_What you have to do_
Could you transcribe each entry below exactly, minus the images?

_Records for processing_
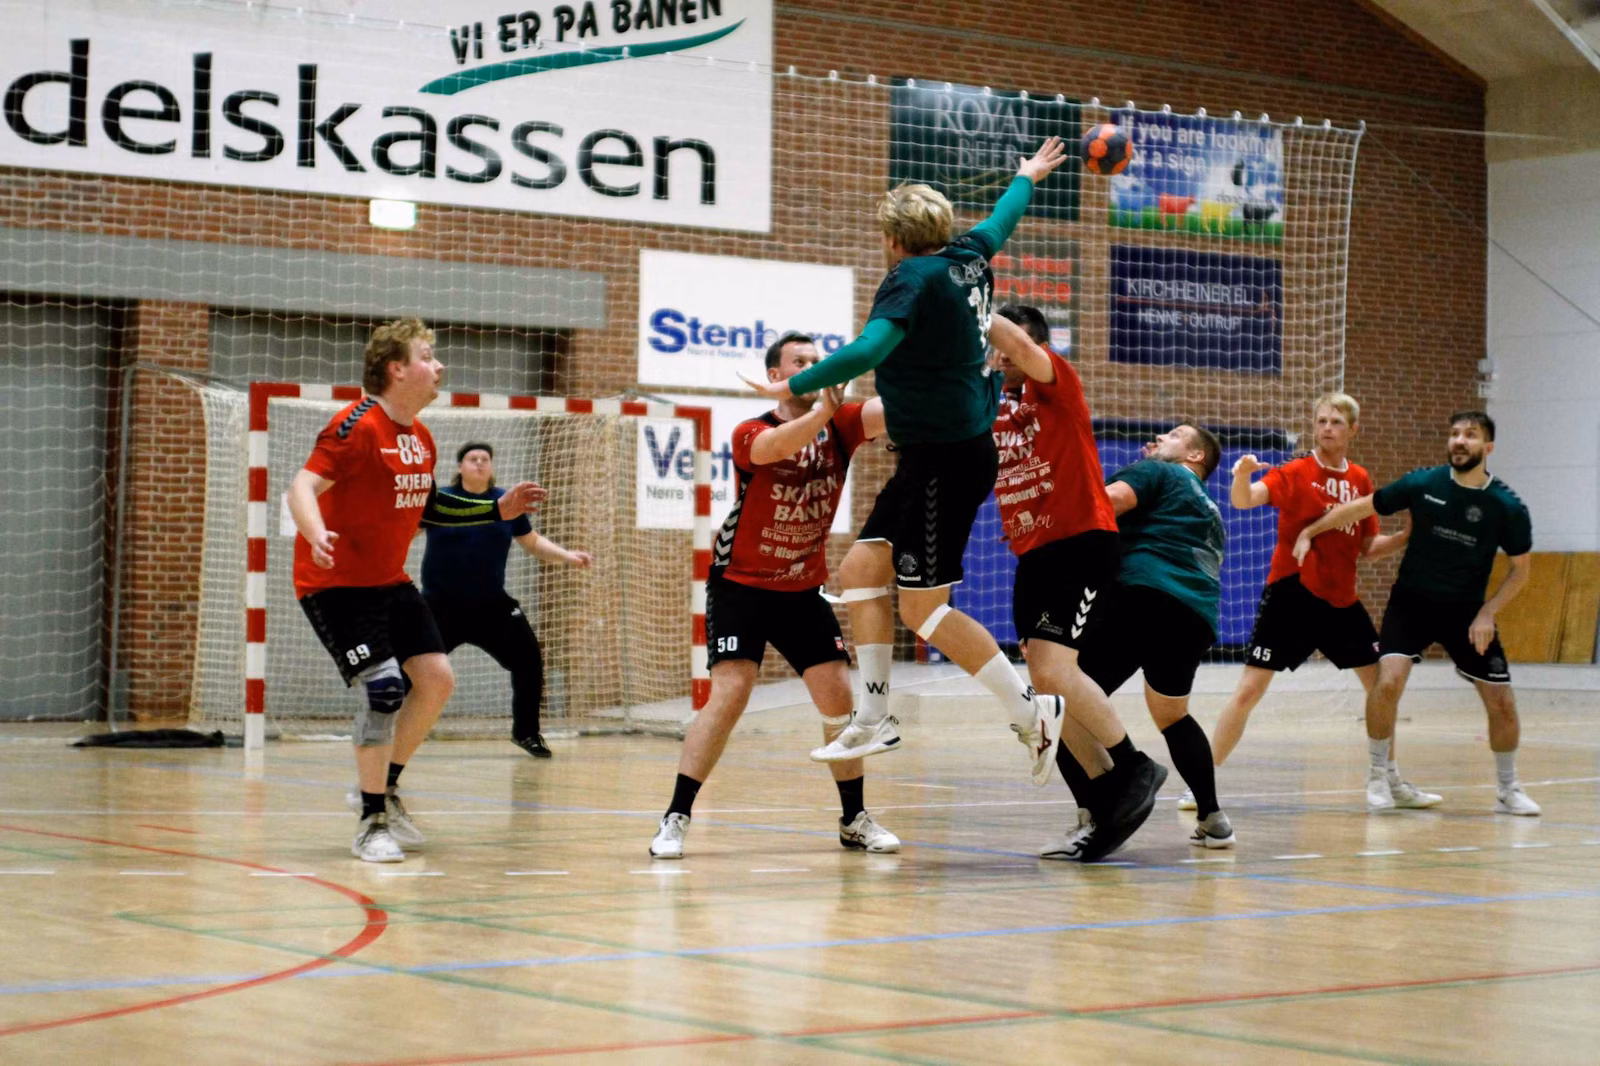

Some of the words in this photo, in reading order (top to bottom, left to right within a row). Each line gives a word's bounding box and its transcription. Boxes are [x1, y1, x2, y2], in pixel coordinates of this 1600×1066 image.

[450, 22, 483, 65] VI
[497, 11, 542, 52] ER
[4, 38, 717, 205] delskassen
[935, 94, 1038, 144] ROYAL
[1138, 121, 1173, 144] you
[1177, 126, 1207, 146] are
[1152, 152, 1164, 168] a
[1168, 147, 1207, 177] sign
[395, 432, 425, 466] 89
[773, 498, 832, 524] BANK
[346, 643, 371, 666] 89
[717, 635, 739, 653] 50
[1252, 645, 1273, 662] 45

_Your response_
Some of the words in this photo, in reading order (top to bottom, left to right within a row). Each line gives a word's bounding box and its transcription. Boxes are [x1, y1, x2, y2], in pixel coordinates of this 1600×1066 image.

[450, 22, 483, 65] VI
[497, 11, 542, 52] ER
[4, 38, 717, 205] delskassen
[935, 94, 1038, 144] ROYAL
[1138, 121, 1173, 144] you
[1177, 126, 1207, 146] are
[1152, 152, 1164, 168] a
[1168, 147, 1207, 177] sign
[395, 432, 425, 466] 89
[773, 498, 832, 524] BANK
[346, 643, 371, 666] 89
[717, 635, 739, 653] 50
[1252, 645, 1273, 662] 45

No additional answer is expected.